---------- EXERCISE INPUT ----------

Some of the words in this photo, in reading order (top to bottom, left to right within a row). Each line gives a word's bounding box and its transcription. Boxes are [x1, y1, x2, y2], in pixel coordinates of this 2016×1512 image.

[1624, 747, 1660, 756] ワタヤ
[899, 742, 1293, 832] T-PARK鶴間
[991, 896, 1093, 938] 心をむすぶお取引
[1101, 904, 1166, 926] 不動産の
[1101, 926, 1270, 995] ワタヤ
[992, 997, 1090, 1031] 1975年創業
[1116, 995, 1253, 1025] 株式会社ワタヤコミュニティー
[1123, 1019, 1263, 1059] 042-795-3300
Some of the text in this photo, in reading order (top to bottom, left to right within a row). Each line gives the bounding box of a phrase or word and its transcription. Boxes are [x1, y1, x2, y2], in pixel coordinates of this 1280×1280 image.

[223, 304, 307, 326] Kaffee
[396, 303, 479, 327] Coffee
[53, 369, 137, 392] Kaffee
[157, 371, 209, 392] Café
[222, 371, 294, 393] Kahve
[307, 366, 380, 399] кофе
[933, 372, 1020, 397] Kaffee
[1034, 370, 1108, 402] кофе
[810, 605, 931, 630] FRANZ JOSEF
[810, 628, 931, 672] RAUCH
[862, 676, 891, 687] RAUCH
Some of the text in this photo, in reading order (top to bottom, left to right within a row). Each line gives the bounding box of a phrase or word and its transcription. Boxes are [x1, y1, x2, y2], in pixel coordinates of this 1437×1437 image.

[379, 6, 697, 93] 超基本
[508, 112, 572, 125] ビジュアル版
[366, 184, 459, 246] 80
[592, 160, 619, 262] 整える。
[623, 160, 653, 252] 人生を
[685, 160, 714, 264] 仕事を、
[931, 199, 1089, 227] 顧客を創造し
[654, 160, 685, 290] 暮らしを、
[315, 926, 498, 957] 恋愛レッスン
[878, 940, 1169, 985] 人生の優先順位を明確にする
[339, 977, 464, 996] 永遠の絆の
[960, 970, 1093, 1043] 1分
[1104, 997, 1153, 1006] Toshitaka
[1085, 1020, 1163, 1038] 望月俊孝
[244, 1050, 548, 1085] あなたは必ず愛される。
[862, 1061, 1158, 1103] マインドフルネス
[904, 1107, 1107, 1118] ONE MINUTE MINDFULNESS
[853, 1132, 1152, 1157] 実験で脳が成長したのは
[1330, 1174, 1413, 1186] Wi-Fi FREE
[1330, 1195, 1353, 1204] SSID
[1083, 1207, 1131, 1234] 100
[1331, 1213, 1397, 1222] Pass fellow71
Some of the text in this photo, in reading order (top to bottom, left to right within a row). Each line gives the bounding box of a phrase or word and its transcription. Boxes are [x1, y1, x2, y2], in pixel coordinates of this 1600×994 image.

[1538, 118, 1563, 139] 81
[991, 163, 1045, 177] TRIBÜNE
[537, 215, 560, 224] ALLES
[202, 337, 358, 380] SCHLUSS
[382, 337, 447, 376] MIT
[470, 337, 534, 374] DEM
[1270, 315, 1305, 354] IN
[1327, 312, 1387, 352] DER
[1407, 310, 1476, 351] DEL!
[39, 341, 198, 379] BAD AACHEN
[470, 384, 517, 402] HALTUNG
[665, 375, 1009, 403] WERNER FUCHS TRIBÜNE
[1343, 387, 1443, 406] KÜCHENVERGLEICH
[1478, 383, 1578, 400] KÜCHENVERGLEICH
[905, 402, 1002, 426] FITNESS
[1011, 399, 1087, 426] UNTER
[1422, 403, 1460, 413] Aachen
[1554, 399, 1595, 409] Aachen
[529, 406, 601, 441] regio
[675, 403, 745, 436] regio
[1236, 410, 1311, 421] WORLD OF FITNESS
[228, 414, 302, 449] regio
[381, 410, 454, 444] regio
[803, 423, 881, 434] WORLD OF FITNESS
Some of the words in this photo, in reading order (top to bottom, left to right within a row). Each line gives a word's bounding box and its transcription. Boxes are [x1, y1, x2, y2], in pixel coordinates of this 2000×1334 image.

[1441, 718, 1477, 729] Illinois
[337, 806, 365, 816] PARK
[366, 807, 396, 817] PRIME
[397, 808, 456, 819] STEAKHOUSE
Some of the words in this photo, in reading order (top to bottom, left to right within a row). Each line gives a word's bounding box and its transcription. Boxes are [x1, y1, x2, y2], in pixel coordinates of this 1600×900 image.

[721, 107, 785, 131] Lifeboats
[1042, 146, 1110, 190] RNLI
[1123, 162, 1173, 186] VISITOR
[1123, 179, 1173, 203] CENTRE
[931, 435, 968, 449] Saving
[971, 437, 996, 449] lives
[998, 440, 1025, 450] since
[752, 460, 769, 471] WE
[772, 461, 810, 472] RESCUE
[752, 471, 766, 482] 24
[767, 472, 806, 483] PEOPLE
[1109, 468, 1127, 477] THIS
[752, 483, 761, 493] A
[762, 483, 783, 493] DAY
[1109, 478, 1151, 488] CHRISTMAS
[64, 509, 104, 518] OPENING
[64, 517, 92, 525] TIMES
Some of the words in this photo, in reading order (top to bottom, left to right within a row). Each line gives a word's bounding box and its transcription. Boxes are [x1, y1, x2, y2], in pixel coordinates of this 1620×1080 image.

----------

▶ [PROBLEM TO SOLVE]: Would you copy out each record precisely as it stands?

▶ [EXERCISE SOLUTION]:
Some of the words in this photo, in reading order (top to bottom, left to right within a row). Each line gives a word's bounding box and its transcription. Boxes are [x1, y1, x2, y2], in pixel coordinates of this 2016×1512 image.

[1624, 747, 1660, 756] ワタヤ
[899, 742, 1293, 832] T-PARK鶴間
[991, 896, 1093, 938] 心をむすぶお取引
[1101, 904, 1166, 926] 不動産の
[1101, 926, 1270, 995] ワタヤ
[992, 997, 1090, 1031] 1975年創業
[1116, 995, 1253, 1025] 株式会社ワタヤコミュニティー
[1123, 1019, 1263, 1059] 042-795-3300
Some of the text in this photo, in reading order (top to bottom, left to right within a row). Each line gives the bounding box of a phrase or word and its transcription. Boxes are [x1, y1, x2, y2], in pixel coordinates of this 1280×1280 image.

[223, 304, 307, 326] Kaffee
[396, 303, 479, 327] Coffee
[53, 369, 137, 392] Kaffee
[157, 371, 209, 392] Café
[222, 371, 294, 393] Kahve
[307, 366, 380, 399] кофе
[933, 372, 1020, 397] Kaffee
[1034, 370, 1108, 402] кофе
[810, 605, 931, 630] FRANZ JOSEF
[810, 628, 931, 672] RAUCH
[862, 676, 891, 687] RAUCH
Some of the text in this photo, in reading order (top to bottom, left to right within a row). Each line gives the bounding box of a phrase or word and its transcription. Boxes are [x1, y1, x2, y2], in pixel coordinates of this 1437×1437 image.

[379, 6, 697, 93] 超基本
[508, 112, 572, 125] ビジュアル版
[366, 184, 459, 246] 80
[592, 160, 619, 262] 整える。
[623, 160, 653, 252] 人生を
[685, 160, 714, 264] 仕事を、
[931, 199, 1089, 227] 顧客を創造し
[654, 160, 685, 290] 暮らしを、
[315, 926, 498, 957] 恋愛レッスン
[878, 940, 1169, 985] 人生の優先順位を明確にする
[339, 977, 464, 996] 永遠の絆の
[960, 970, 1093, 1043] 1分
[1104, 997, 1153, 1006] Toshitaka
[1085, 1020, 1163, 1038] 望月俊孝
[244, 1050, 548, 1085] あなたは必ず愛される。
[862, 1061, 1158, 1103] マインドフルネス
[904, 1107, 1107, 1118] ONE MINUTE MINDFULNESS
[853, 1132, 1152, 1157] 実験で脳が成長したのは
[1330, 1174, 1413, 1186] Wi-Fi FREE
[1330, 1195, 1353, 1204] SSID
[1083, 1207, 1131, 1234] 100
[1331, 1213, 1397, 1222] Pass fellow71
Some of the text in this photo, in reading order (top to bottom, left to right within a row). Each line gives the bounding box of a phrase or word and its transcription. Boxes are [x1, y1, x2, y2], in pixel coordinates of this 1600×994 image.

[1538, 118, 1563, 139] 81
[991, 163, 1045, 177] TRIBÜNE
[537, 215, 560, 224] ALLES
[202, 337, 358, 380] SCHLUSS
[382, 337, 447, 376] MIT
[470, 337, 534, 374] DEM
[1270, 315, 1305, 354] IN
[1327, 312, 1387, 352] DER
[1407, 310, 1476, 351] DEL!
[39, 341, 198, 379] BAD AACHEN
[470, 384, 517, 402] HALTUNG
[665, 375, 1009, 403] WERNER FUCHS TRIBÜNE
[1343, 387, 1443, 406] KÜCHENVERGLEICH
[1478, 383, 1578, 400] KÜCHENVERGLEICH
[905, 402, 1002, 426] FITNESS
[1011, 399, 1087, 426] UNTER
[1422, 403, 1460, 413] Aachen
[1554, 399, 1595, 409] Aachen
[529, 406, 601, 441] regio
[675, 403, 745, 436] regio
[1236, 410, 1311, 421] WORLD OF FITNESS
[228, 414, 302, 449] regio
[381, 410, 454, 444] regio
[803, 423, 881, 434] WORLD OF FITNESS
Some of the words in this photo, in reading order (top to bottom, left to right within a row). Each line gives a word's bounding box and its transcription. Boxes are [x1, y1, x2, y2], in pixel coordinates of this 2000×1334 image.

[1441, 718, 1477, 729] Illinois
[337, 806, 365, 816] PARK
[366, 807, 396, 817] PRIME
[397, 808, 456, 819] STEAKHOUSE
Some of the words in this photo, in reading order (top to bottom, left to right within a row). Each line gives a word's bounding box and its transcription. Boxes are [x1, y1, x2, y2], in pixel coordinates of this 1600×900 image.

[721, 107, 785, 131] Lifeboats
[1042, 146, 1110, 190] RNLI
[1123, 162, 1173, 186] VISITOR
[1123, 179, 1173, 203] CENTRE
[931, 435, 968, 449] Saving
[971, 437, 996, 449] lives
[998, 440, 1025, 450] since
[752, 460, 769, 471] WE
[772, 461, 810, 472] RESCUE
[752, 471, 766, 482] 24
[767, 472, 806, 483] PEOPLE
[1109, 468, 1127, 477] THIS
[752, 483, 761, 493] A
[762, 483, 783, 493] DAY
[1109, 478, 1151, 488] CHRISTMAS
[64, 509, 104, 518] OPENING
[64, 517, 92, 525] TIMES
Some of the words in this photo, in reading order (top to bottom, left to right within a row). Each line gives a word's bounding box and its transcription. Boxes are [x1, y1, x2, y2], in pixel coordinates of this 1620×1080 image.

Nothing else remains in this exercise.